Dataset entries:
☆ ☆ ☆ ☆ ☆

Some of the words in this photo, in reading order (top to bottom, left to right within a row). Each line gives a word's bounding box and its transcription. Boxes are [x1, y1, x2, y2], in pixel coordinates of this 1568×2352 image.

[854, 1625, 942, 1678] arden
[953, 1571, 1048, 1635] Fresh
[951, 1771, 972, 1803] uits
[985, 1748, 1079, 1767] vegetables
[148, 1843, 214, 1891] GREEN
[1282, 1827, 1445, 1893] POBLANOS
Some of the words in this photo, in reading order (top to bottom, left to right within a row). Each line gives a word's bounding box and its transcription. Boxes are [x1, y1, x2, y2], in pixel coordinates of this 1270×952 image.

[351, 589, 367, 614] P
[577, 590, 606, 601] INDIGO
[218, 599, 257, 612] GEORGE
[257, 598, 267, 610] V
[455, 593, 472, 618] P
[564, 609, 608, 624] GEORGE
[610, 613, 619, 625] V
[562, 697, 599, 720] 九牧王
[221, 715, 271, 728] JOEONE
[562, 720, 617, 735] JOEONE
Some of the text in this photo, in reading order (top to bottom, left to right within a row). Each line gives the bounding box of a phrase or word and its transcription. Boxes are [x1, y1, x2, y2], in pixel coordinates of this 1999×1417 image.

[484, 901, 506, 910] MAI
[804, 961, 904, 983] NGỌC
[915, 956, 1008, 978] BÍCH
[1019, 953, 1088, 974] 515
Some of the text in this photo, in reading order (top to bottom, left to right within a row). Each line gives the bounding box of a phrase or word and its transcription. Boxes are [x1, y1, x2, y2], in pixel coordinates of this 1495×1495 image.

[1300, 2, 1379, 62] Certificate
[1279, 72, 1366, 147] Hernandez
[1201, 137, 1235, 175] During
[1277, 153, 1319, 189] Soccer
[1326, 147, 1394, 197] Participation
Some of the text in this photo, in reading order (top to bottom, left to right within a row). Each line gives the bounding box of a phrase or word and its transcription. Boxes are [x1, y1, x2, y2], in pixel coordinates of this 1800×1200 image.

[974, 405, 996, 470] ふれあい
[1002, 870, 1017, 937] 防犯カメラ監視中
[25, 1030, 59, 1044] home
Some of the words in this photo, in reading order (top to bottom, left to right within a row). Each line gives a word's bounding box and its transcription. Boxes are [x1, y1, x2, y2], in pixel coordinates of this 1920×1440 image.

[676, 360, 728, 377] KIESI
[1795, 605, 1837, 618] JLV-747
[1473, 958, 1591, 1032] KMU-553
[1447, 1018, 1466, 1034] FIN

☆ ☆ ☆ ☆ ☆

- _Exercise brief_
Repeat each entry word for word.

- _Reply_
Some of the words in this photo, in reading order (top to bottom, left to right within a row). Each line gives a word's bounding box and its transcription. Boxes are [x1, y1, x2, y2], in pixel coordinates of this 1568×2352 image.

[854, 1625, 942, 1678] arden
[953, 1571, 1048, 1635] Fresh
[951, 1771, 972, 1803] uits
[985, 1748, 1079, 1767] vegetables
[148, 1843, 214, 1891] GREEN
[1282, 1827, 1445, 1893] POBLANOS
Some of the words in this photo, in reading order (top to bottom, left to right within a row). Each line gives a word's bounding box and its transcription. Boxes are [x1, y1, x2, y2], in pixel coordinates of this 1270×952 image.

[351, 589, 367, 614] P
[577, 590, 606, 601] INDIGO
[218, 599, 257, 612] GEORGE
[257, 598, 267, 610] V
[455, 593, 472, 618] P
[564, 609, 608, 624] GEORGE
[610, 613, 619, 625] V
[562, 697, 599, 720] 九牧王
[221, 715, 271, 728] JOEONE
[562, 720, 617, 735] JOEONE
Some of the text in this photo, in reading order (top to bottom, left to right within a row). Each line gives the bounding box of a phrase or word and its transcription. Boxes are [x1, y1, x2, y2], in pixel coordinates of this 1999×1417 image.

[484, 901, 506, 910] MAI
[804, 961, 904, 983] NGỌC
[915, 956, 1008, 978] BÍCH
[1019, 953, 1088, 974] 515
Some of the text in this photo, in reading order (top to bottom, left to right within a row). Each line gives the bounding box of a phrase or word and its transcription. Boxes are [x1, y1, x2, y2], in pixel coordinates of this 1495×1495 image.

[1300, 2, 1379, 62] Certificate
[1279, 72, 1366, 147] Hernandez
[1201, 137, 1235, 175] During
[1277, 153, 1319, 189] Soccer
[1326, 147, 1394, 197] Participation
Some of the text in this photo, in reading order (top to bottom, left to right within a row). Each line gives the bounding box of a phrase or word and its transcription. Boxes are [x1, y1, x2, y2], in pixel coordinates of this 1800×1200 image.

[974, 405, 996, 470] ふれあい
[1002, 870, 1017, 937] 防犯カメラ監視中
[25, 1030, 59, 1044] home
Some of the words in this photo, in reading order (top to bottom, left to right within a row). Each line gives a word's bounding box and its transcription. Boxes are [x1, y1, x2, y2], in pixel coordinates of this 1920×1440 image.

[676, 360, 728, 377] KIESI
[1795, 605, 1837, 618] JLV-747
[1473, 958, 1591, 1032] KMU-553
[1447, 1018, 1466, 1034] FIN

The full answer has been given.